§ WORK INSTRUCTION
Only the pictures are to be dropped; the rest of the data below is to be duplicated exactly.

§ PROVIDED MATERIAL

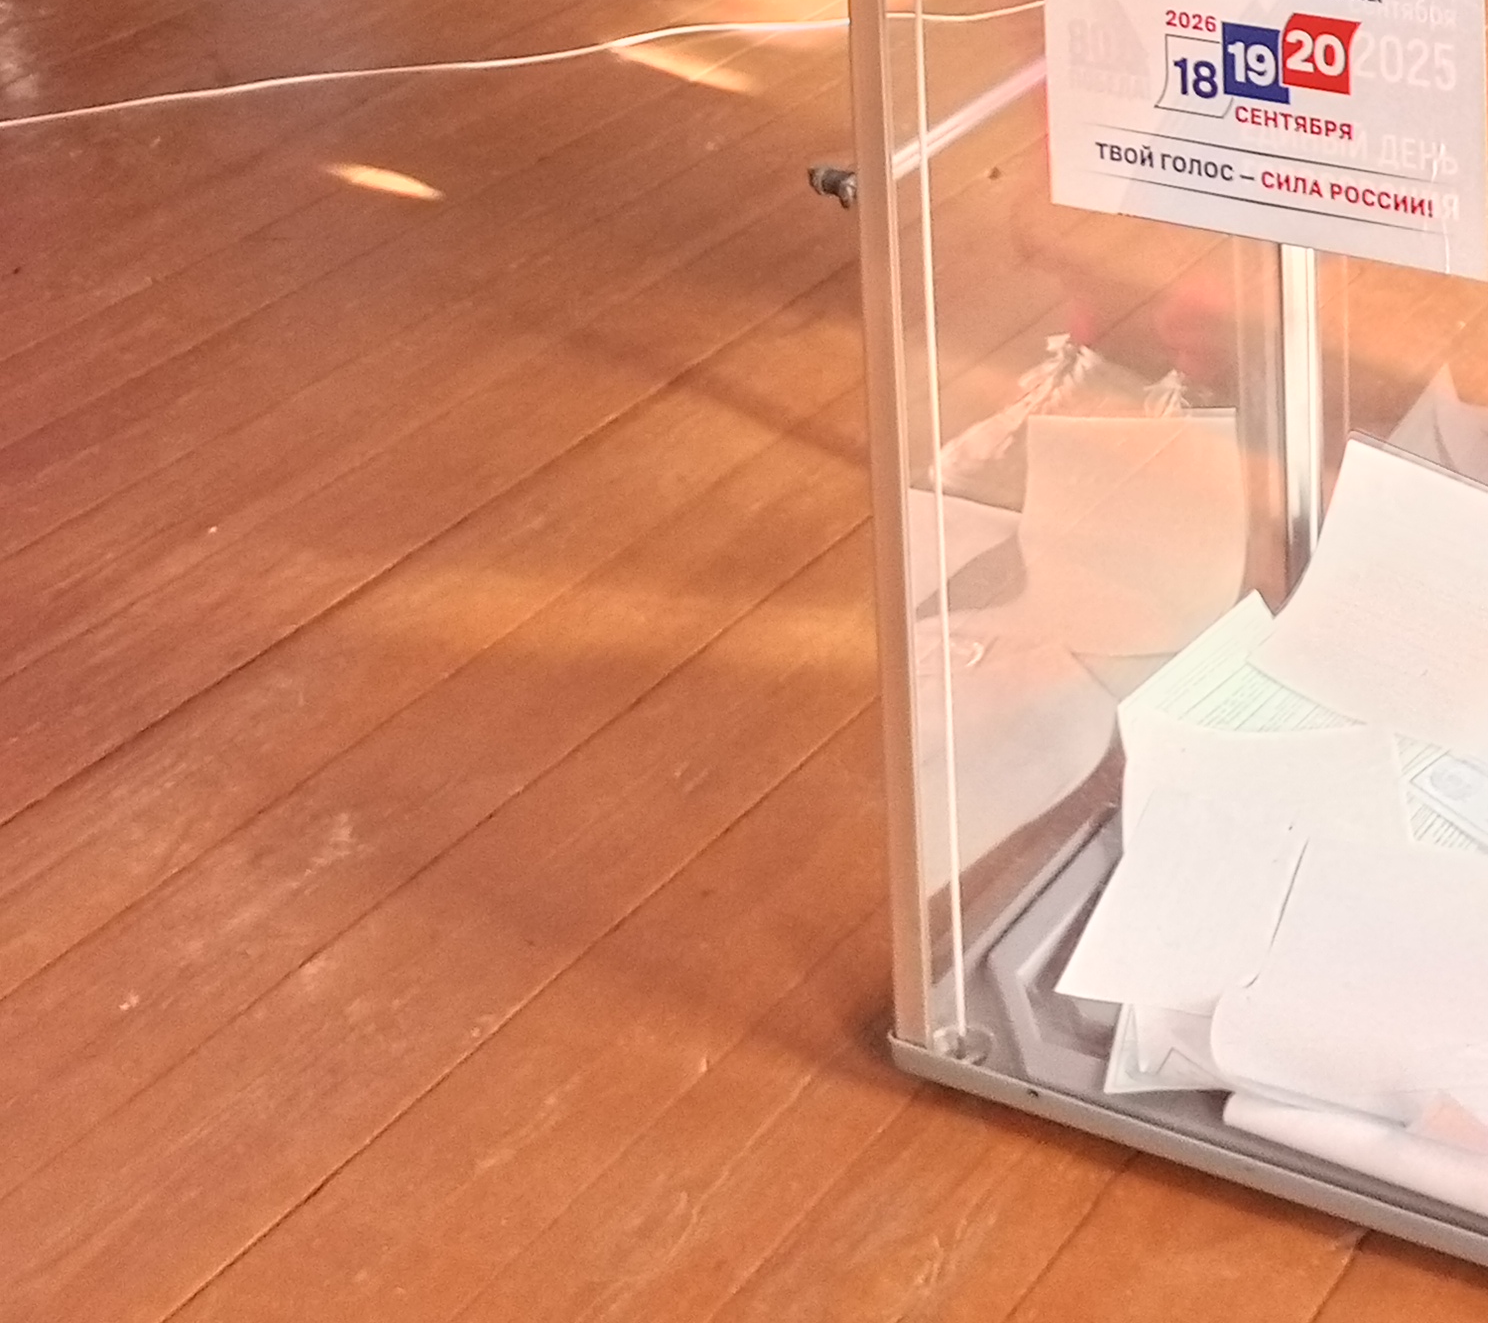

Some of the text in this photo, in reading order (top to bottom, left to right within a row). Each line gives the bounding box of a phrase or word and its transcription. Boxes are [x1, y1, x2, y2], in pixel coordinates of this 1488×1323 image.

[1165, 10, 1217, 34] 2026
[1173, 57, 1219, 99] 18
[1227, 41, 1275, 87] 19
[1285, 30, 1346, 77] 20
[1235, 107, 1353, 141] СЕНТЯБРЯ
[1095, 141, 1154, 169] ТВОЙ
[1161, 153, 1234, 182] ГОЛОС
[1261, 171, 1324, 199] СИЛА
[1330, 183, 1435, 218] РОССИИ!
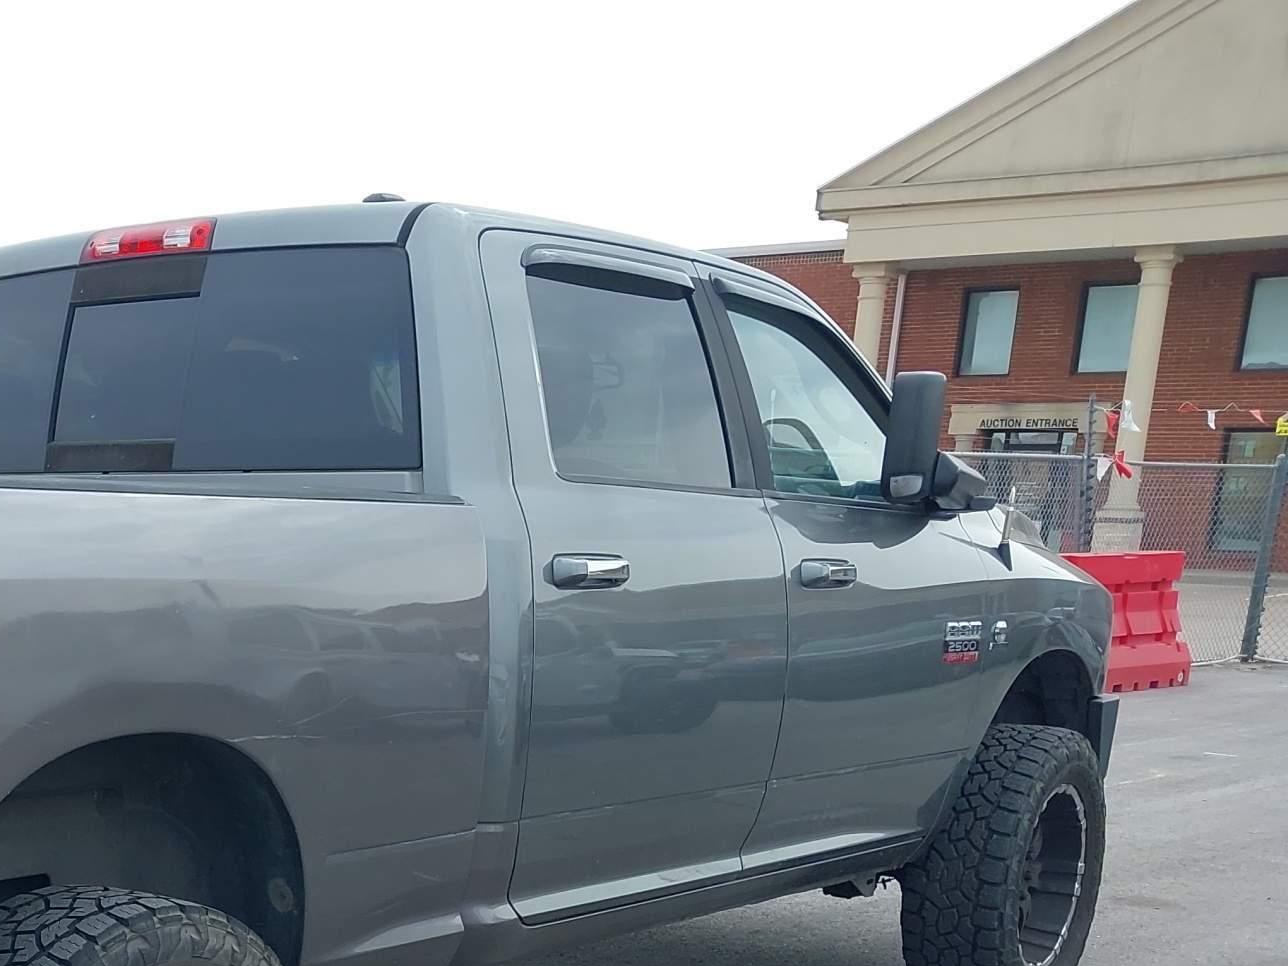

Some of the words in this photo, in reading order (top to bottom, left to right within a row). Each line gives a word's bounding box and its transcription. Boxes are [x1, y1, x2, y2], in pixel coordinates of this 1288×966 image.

§ PROBLEM SOLUTION
Some of the text in this photo, in reading order (top to bottom, left to right within a row). Each line gives the bounding box of a phrase or word and its transcription. Boxes are [x1, y1, x2, y2], in pixel coordinates of this 1488×1323 image.

[1165, 10, 1217, 34] 2026
[1173, 57, 1219, 99] 18
[1227, 41, 1275, 87] 19
[1285, 30, 1346, 77] 20
[1235, 107, 1353, 141] СЕНТЯБРЯ
[1095, 141, 1154, 169] ТВОЙ
[1161, 153, 1234, 182] ГОЛОС
[1261, 171, 1324, 199] СИЛА
[1330, 183, 1435, 218] РОССИИ!

Some of the words in this photo, in reading order (top to bottom, left to right within a row). Each line gives a word's bounding box and its transcription. Boxes are [x1, y1, x2, y2], in pixel coordinates of this 1288×966 image.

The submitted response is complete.